Ts65Dn

The Ts65Dn and Dp(16)1Yey mouse models of DS are both used for translational research ¹⁾.

Mounting evidence implicates dysfunctional GABAA receptor-mediated neurotransmission as one of the underlying causes of learning and memory deficits observed in the Ts65Dn mouse model of Down syndrome (DS). The specific origin and nature of such dysfunction are still under investigation, which is an issue with practical consequences to preclinical and clinical research, as well as to the care of individuals with DS and anxiety disorder or those experiencing seizures in the emergency room settings.
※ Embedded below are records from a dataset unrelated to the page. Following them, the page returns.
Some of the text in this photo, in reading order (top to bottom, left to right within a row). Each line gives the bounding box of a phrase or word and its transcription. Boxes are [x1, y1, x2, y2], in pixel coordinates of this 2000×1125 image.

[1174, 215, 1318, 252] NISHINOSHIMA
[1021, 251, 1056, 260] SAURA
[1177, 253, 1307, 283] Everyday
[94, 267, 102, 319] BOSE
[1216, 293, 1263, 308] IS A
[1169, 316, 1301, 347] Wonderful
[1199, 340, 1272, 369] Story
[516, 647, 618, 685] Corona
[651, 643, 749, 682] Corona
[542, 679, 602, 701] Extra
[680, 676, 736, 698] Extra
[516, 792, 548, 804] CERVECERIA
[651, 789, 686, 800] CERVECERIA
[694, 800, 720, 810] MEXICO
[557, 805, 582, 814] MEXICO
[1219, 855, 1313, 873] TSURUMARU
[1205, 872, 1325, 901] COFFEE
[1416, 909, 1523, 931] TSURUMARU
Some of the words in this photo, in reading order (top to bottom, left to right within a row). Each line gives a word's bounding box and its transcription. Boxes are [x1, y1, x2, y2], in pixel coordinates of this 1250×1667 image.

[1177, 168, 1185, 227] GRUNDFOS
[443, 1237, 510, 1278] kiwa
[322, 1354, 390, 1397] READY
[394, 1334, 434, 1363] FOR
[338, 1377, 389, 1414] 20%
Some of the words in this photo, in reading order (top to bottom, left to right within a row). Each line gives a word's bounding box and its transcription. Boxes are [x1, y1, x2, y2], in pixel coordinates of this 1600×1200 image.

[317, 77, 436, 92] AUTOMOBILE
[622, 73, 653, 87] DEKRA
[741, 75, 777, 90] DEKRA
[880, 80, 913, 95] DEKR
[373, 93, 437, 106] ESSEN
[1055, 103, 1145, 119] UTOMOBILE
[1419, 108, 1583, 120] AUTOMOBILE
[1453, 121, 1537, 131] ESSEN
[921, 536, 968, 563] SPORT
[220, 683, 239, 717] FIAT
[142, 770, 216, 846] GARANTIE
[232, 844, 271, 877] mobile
Victorino et al. investigated the effects of GABAAR positive allosteric modulation (PAM) by diazepam on brain activity, synaptic plasticity, and behavior in Ts65Dn mice. They found Ts65Dn mice to be less sensitive to diazepam, as assessed by electroencephalography, long-term potentiation, and elevated plus-maze. Still, diazepam pre-treatment displayed typical effectiveness in reducing susceptibility and severity to picrotoxin-induced seizures in Ts65Dn mice. These findings fill an important gap in the understanding of GABAergic function in a key model of DS ²⁾.

¹⁾

Liu, C., Belichenko, P. V., Zhang, L., Fu, D., Kleschevnikov, A. M., Baldini, A., et al. (2011). Mouse models for Down syndrome-associated developmental cognitive disabilities. Dev. Neurosci. 33, 404–413. doi: 10.1159/000329422

²⁾

Victorino DB, Pinheiro DJLL, Scott-McKean JJ, Barker S, Stasko MR, Faber J, Scorza CA, Costa ACS. Atypical electrophysiological and behavioral responses to diazepam in a leading mouse model of Down syndrome. Sci Rep. 2021 May 4;11(1):9521. doi: 10.1038/s41598-021-89011-y. PMID: 33947925.